Initial Tax Basis, Depreciation and Amortization. We use
the tax basis of our assets for purposes of computing
depreciation and cost recovery deductions and, ultimately, gain
or loss on the disposition of these assets. The federal income
tax burden associated with the difference between the fair
market value of our assets and their tax basis immediately prior
to this offering will be borne by our general partner, its
affiliates and our other unitholders as of the time of the
offering. Please read Tax Consequences of Unit
Ownership Allocation of Income, Gain, Loss and
Deduction.
To the extent allowable, we may elect to use the depreciation
and cost recovery methods that will result in the largest
deductions being taken in the early years after assets are
placed in service. Property we subsequently acquire or construct
may be depreciated using accelerated methods permitted by the
Internal Revenue Code.
If we dispose of depreciable property by sale, foreclosure or
otherwise, all or a portion of any gain, determined by reference
to the amount of depreciation previously deducted and the nature
of the property, may be subject to the recapture rules and taxed
as ordinary income rather than capital gain. Similarly, a
unitholder who has taken cost recovery or depreciation
deductions with respect to property we own will likely be
required to recapture some or all of those deductions as
ordinary income upon a sale of his interest in us. Please read
Tax Consequences of Unit Ownership
Allocation of Income, Gain, Loss and Deduction and
Disposition of Common Units
Recognition of Gain or Loss.
The costs incurred in selling our units (called
syndication expenses) must be capitalized and cannot
be deducted currently, ratably or upon our termination. There
are uncertainties regarding the classification of costs as
organization expenses, which we may be able to amortize, and as
syndication expenses, which we may not amortize. The
underwriting discounts and commissions we incur will be treated
as syndication expenses.
Valuation and Tax Basis of Our Properties. The federal
income tax consequences of the ownership and disposition of
units will depend in part on our estimates of the relative fair
market values, and the tax bases, of our assets. Although we may
from time to time consult with professional appraisers regarding
valuation matters, we will make many of the relative fair market
value estimates ourselves. These estimates and determinations of
basis are subject to challenge and will not be binding on the
IRS or the courts. If the estimates of fair market value or
basis are later found to be incorrect, the character and amount
of items of income, gain, loss or deductions previously reported
by unitholders might change, and unitholders might be required
to adjust their tax liability for prior years and incur interest
and penalties with respect to those adjustments.

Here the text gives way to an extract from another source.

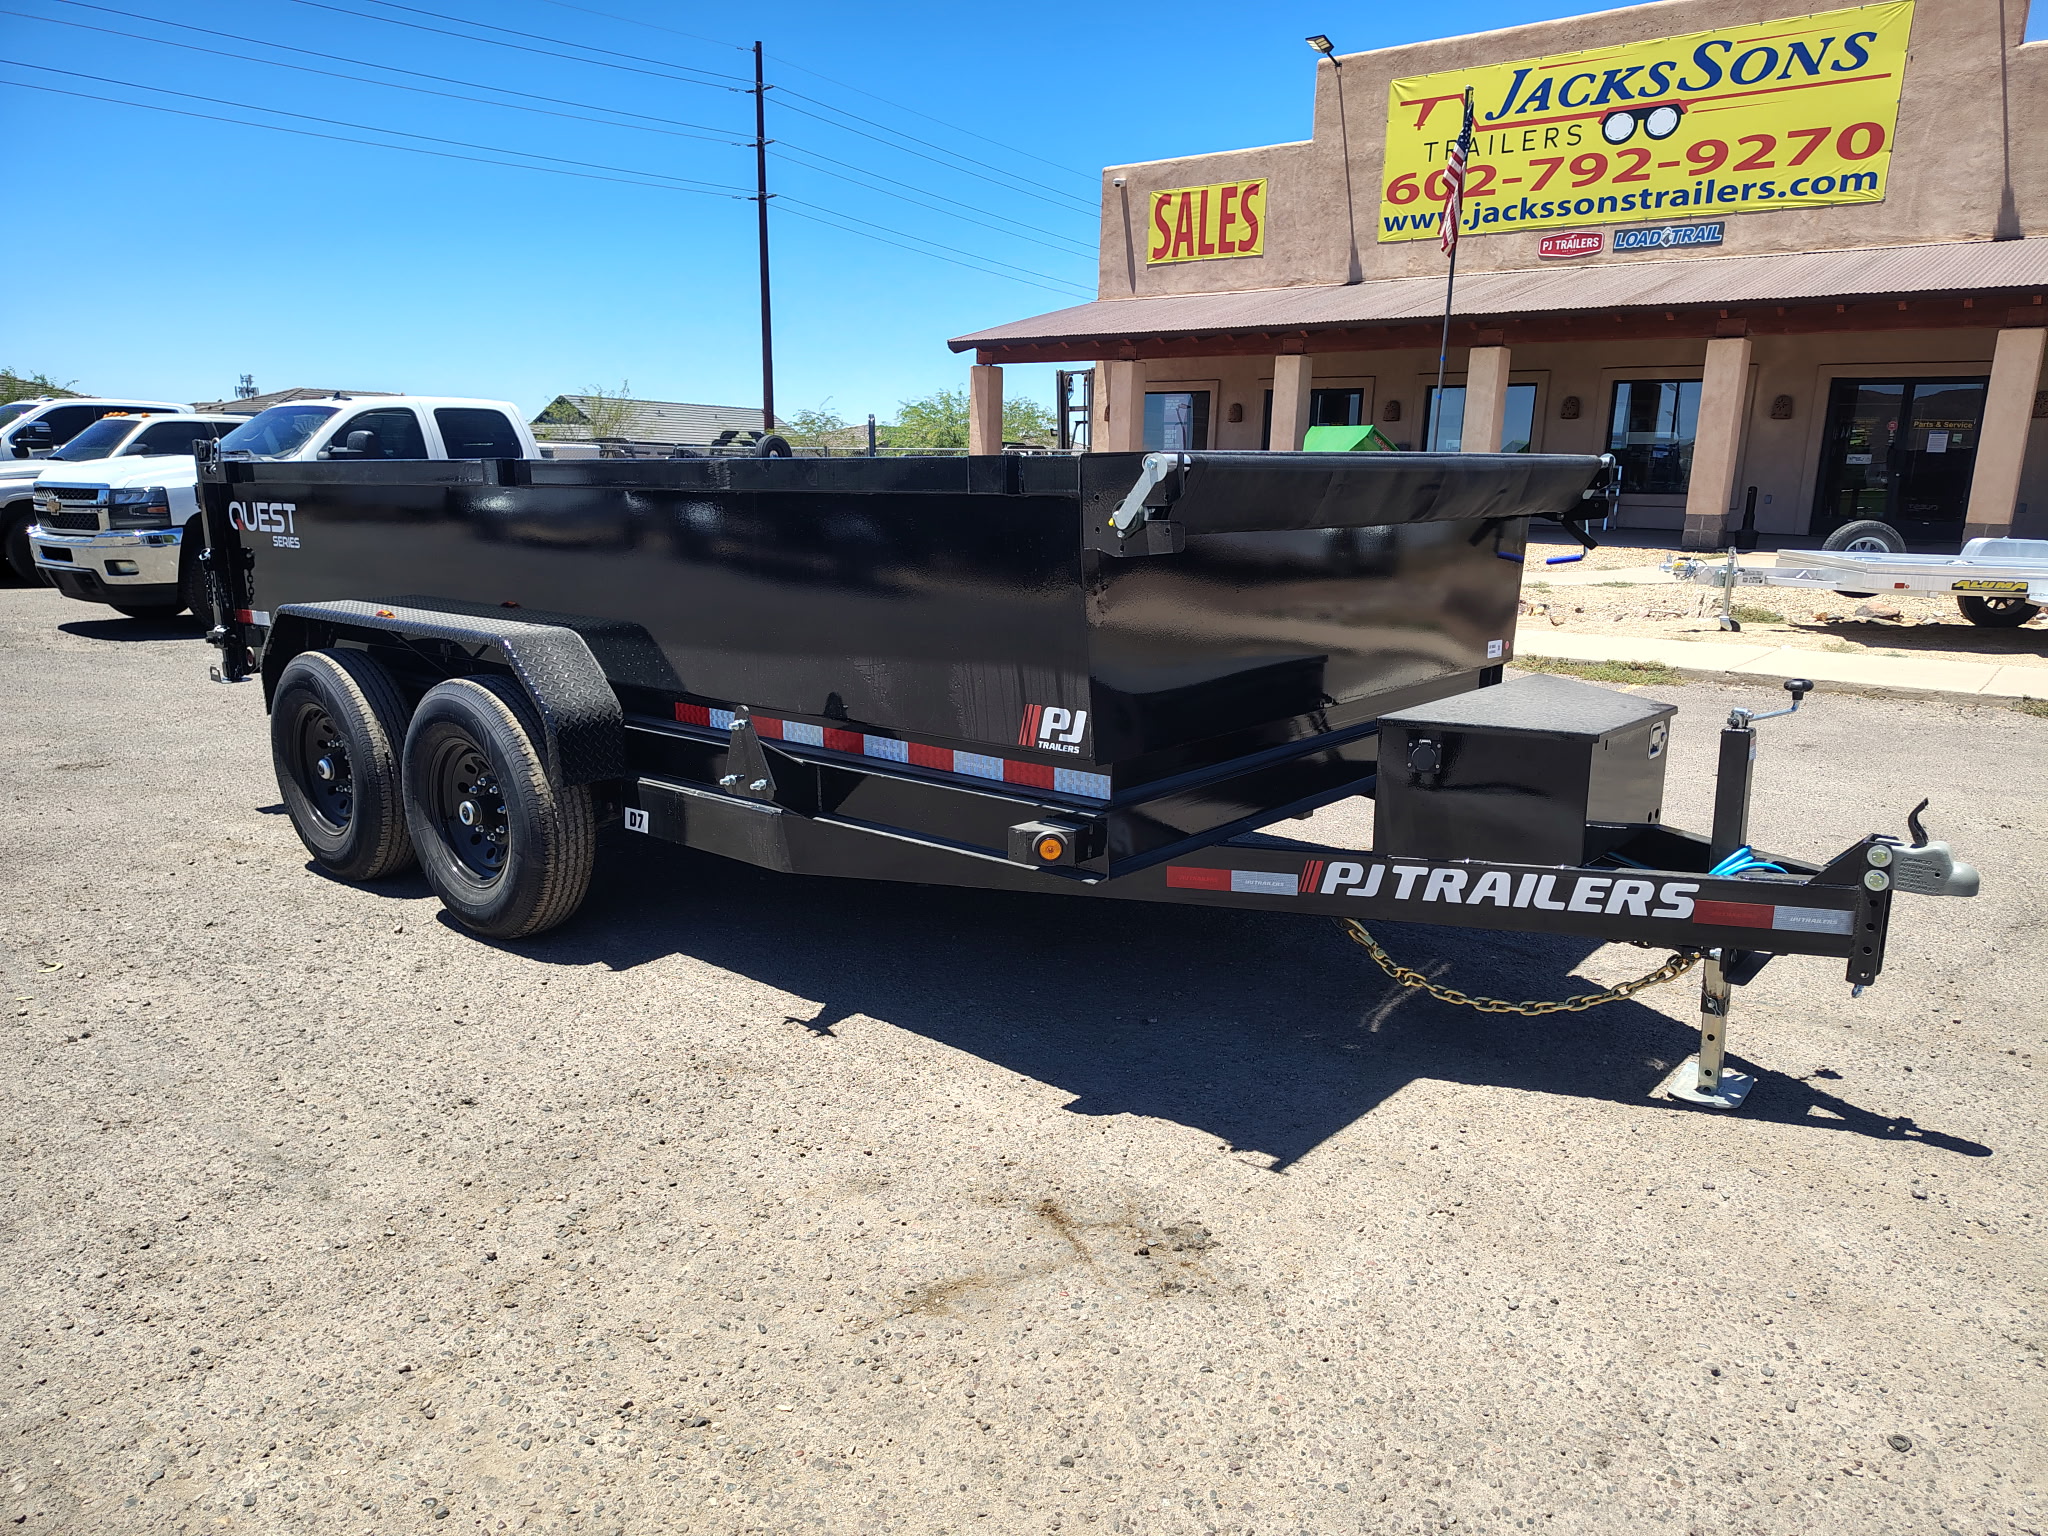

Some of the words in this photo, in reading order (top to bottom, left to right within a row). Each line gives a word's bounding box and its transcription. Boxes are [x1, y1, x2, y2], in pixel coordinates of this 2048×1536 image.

Disposition of Common Units
Recognition of Gain or Loss. Gain or loss will be
recognized on a sale of units equal to the difference between
the unitholders amount realized and the unitholders
tax basis for the units sold. A unitholders amount
realized will be measured by the sum of the cash or the fair
market value of other property received by him plus his share of
our nonrecourse liabilities. Because the amount realized
includes a unitholders share of our nonrecourse
liabilities, the gain recognized on the sale of units could
result in a tax liability in excess of any cash received from
the sale.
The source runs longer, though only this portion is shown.